### WHAT TO WORK ON
For each entry, output its words exactly and leave any picture behind.

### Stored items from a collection
******

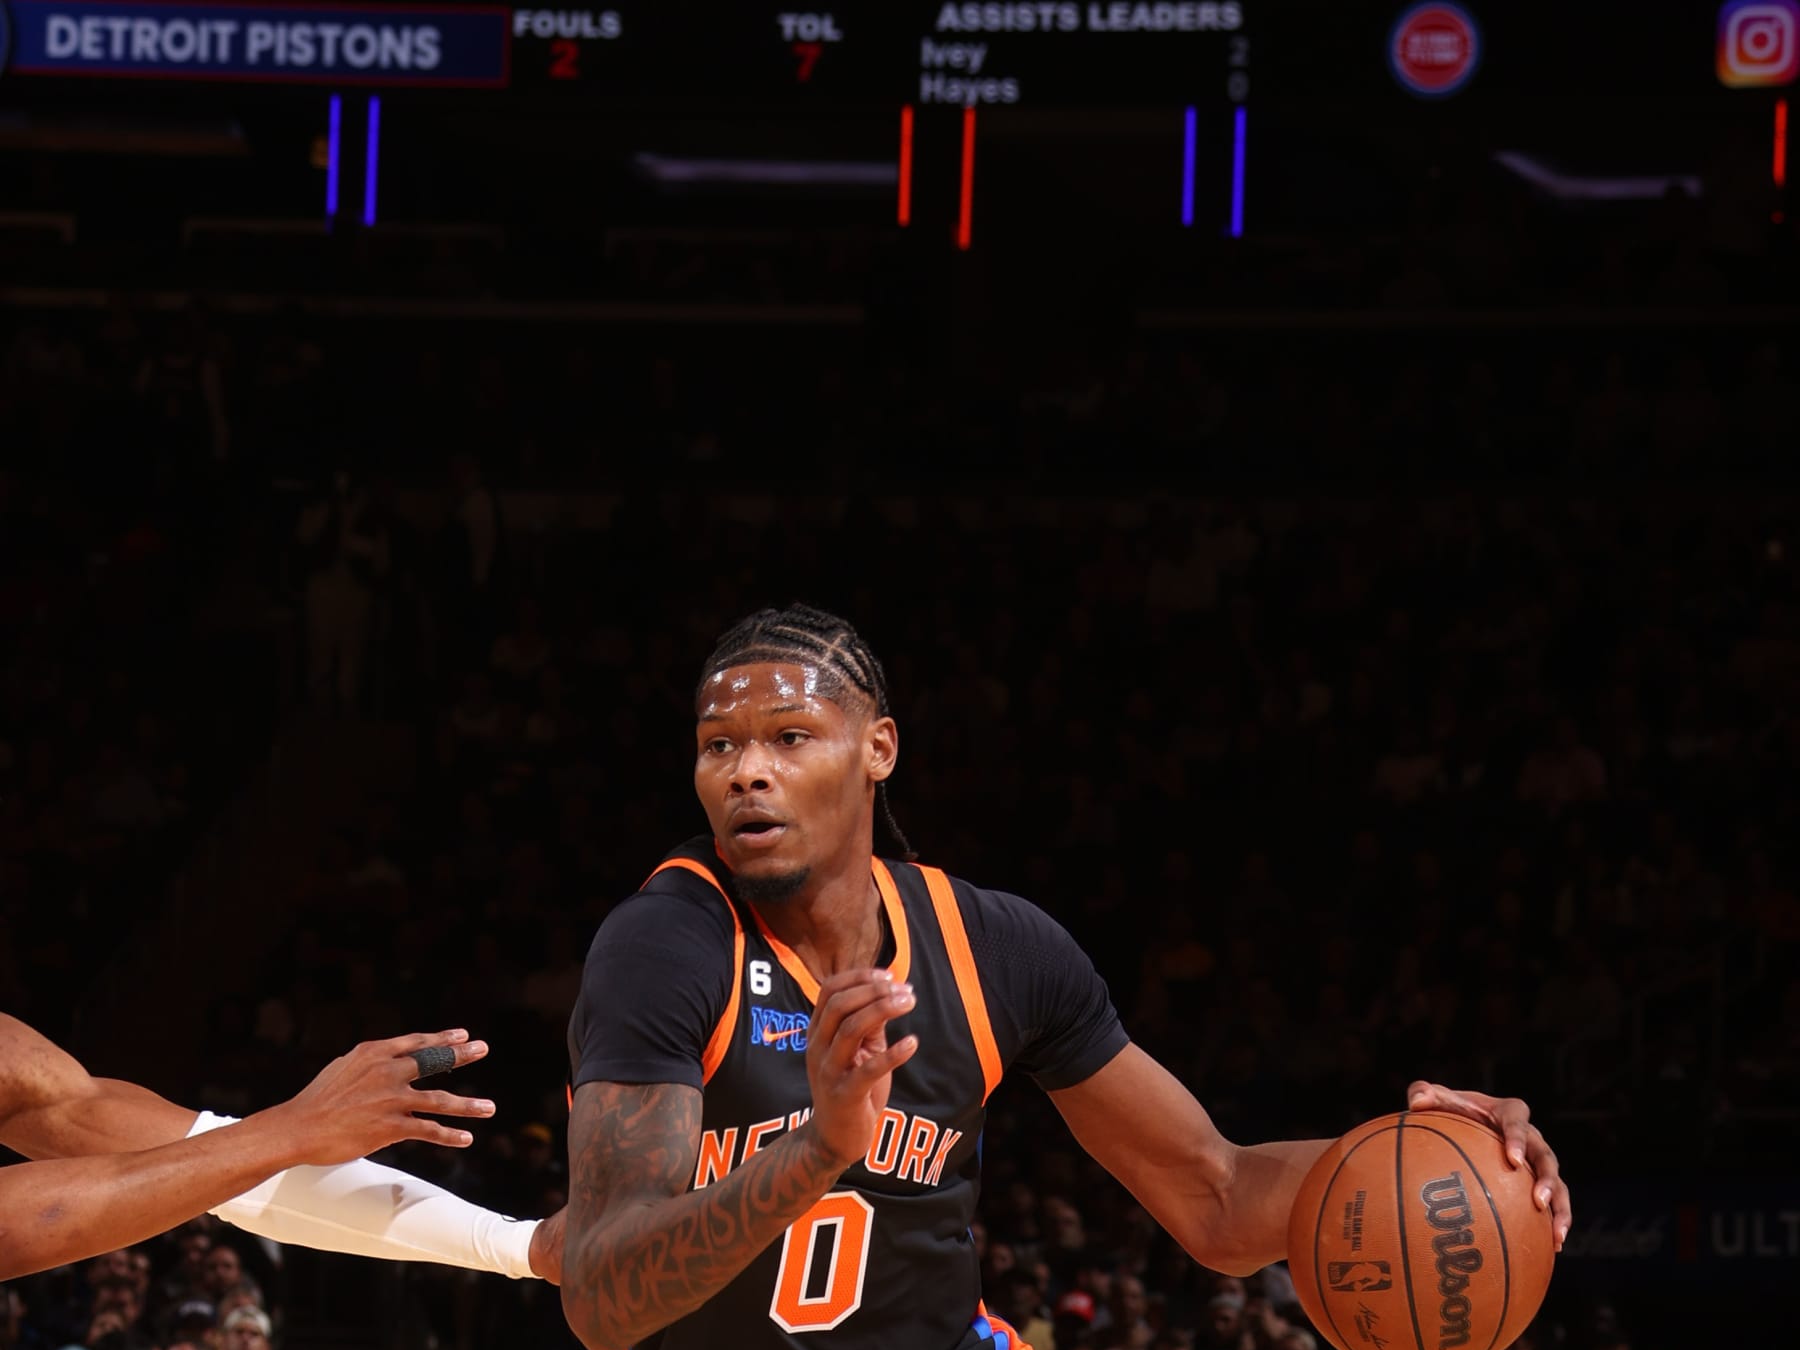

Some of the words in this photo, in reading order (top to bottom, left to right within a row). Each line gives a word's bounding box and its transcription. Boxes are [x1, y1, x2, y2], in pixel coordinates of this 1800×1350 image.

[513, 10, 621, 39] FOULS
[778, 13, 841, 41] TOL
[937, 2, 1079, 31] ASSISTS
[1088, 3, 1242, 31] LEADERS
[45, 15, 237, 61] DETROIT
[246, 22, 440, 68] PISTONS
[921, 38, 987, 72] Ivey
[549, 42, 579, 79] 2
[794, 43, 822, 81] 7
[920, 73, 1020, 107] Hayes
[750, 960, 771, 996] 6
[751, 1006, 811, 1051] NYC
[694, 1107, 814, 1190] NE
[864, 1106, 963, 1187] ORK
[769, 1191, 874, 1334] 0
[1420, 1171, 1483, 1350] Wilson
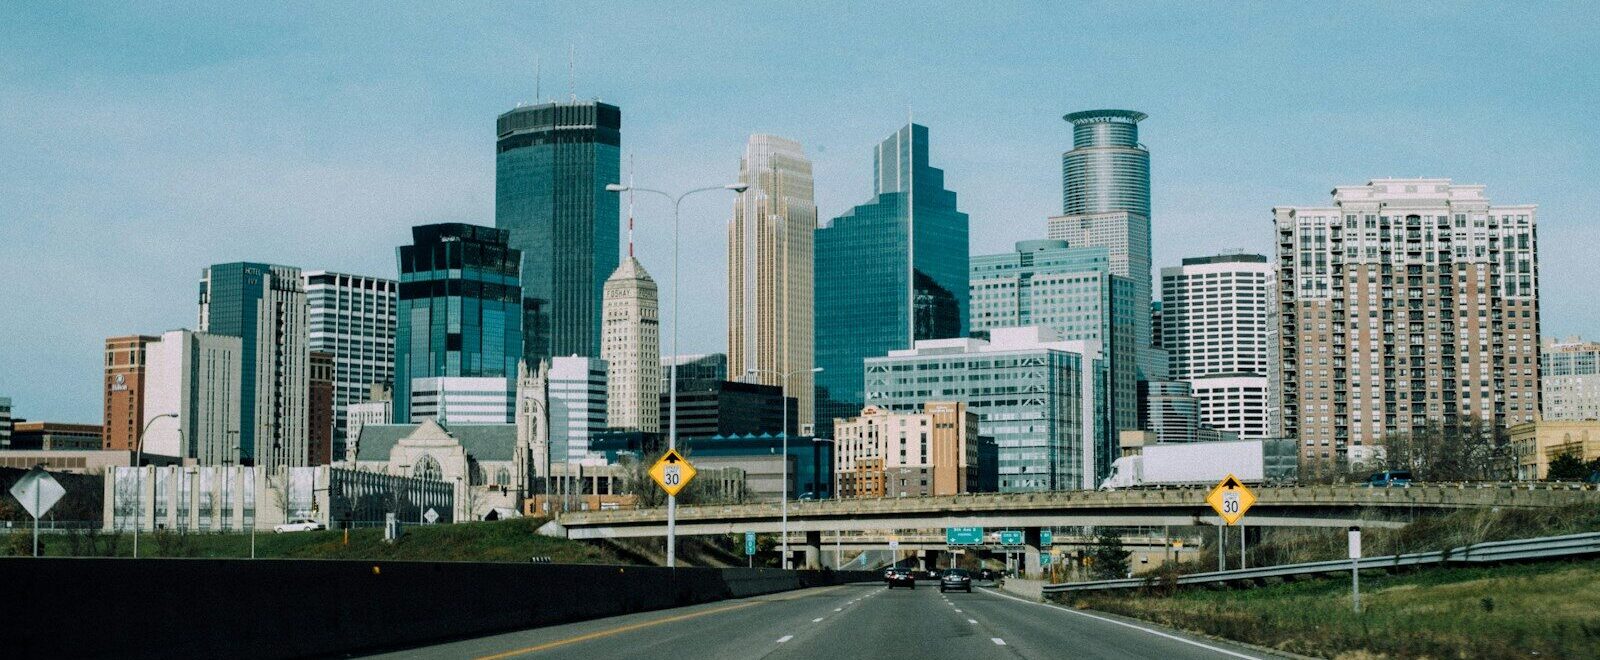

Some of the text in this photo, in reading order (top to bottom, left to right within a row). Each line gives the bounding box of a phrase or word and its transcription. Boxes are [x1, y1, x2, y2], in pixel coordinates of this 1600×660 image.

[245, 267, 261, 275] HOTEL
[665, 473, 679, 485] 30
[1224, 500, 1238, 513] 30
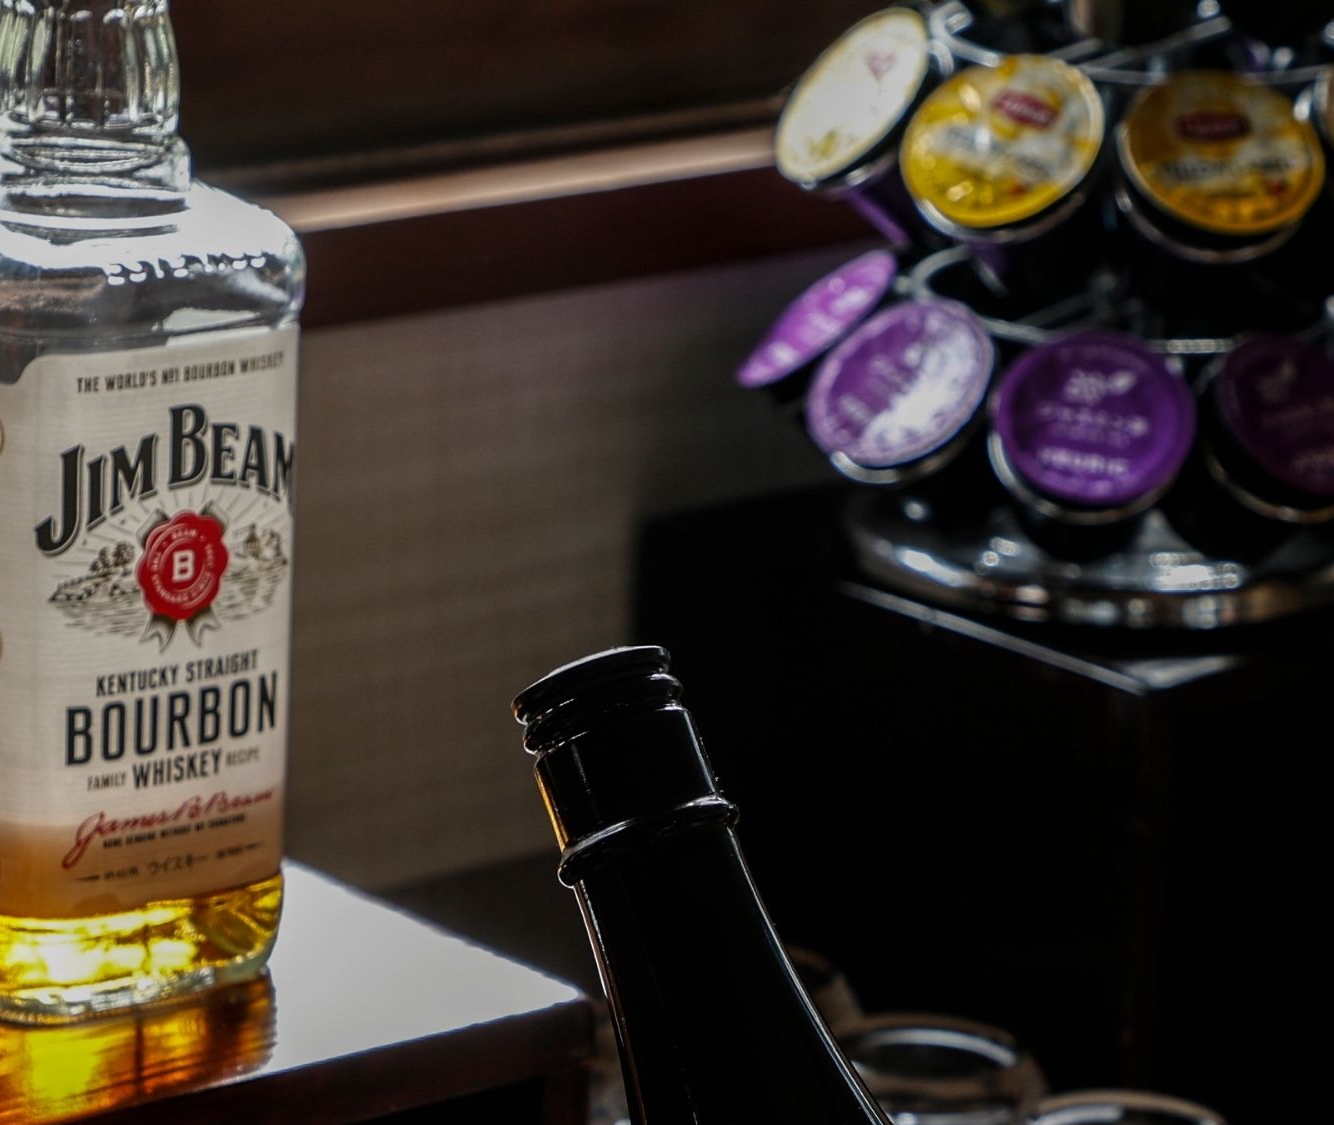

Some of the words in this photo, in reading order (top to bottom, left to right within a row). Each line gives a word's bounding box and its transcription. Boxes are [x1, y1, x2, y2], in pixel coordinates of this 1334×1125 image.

******

### ANSWER SECTION
Some of the words in this photo, in reading order (top to bottom, left to right within a row). Each line gives a word's bounding box and its transcription. Boxes are [x1, y1, x2, y2], in pixel coordinates of this 1800×1350 image.

[513, 10, 621, 39] FOULS
[778, 13, 841, 41] TOL
[937, 2, 1079, 31] ASSISTS
[1088, 3, 1242, 31] LEADERS
[45, 15, 237, 61] DETROIT
[246, 22, 440, 68] PISTONS
[921, 38, 987, 72] Ivey
[549, 42, 579, 79] 2
[794, 43, 822, 81] 7
[920, 73, 1020, 107] Hayes
[750, 960, 771, 996] 6
[751, 1006, 811, 1051] NYC
[694, 1107, 814, 1190] NE
[864, 1106, 963, 1187] ORK
[769, 1191, 874, 1334] 0
[1420, 1171, 1483, 1350] Wilson

Some of the text in this photo, in reading order (top to bottom, left to right within a row). Each line gives the bounding box of a phrase or word and its transcription. Boxes are [x1, y1, x2, y2], in pixel coordinates of this 1600×660 image.

[245, 267, 261, 275] HOTEL
[665, 473, 679, 485] 30
[1224, 500, 1238, 513] 30

Some of the words in this photo, in reading order (top to bottom, left to right within a row). Each line gives a word's bounding box and its transcription. Boxes are [x1, y1, x2, y2], in pixel coordinates of this 1334×1125 image.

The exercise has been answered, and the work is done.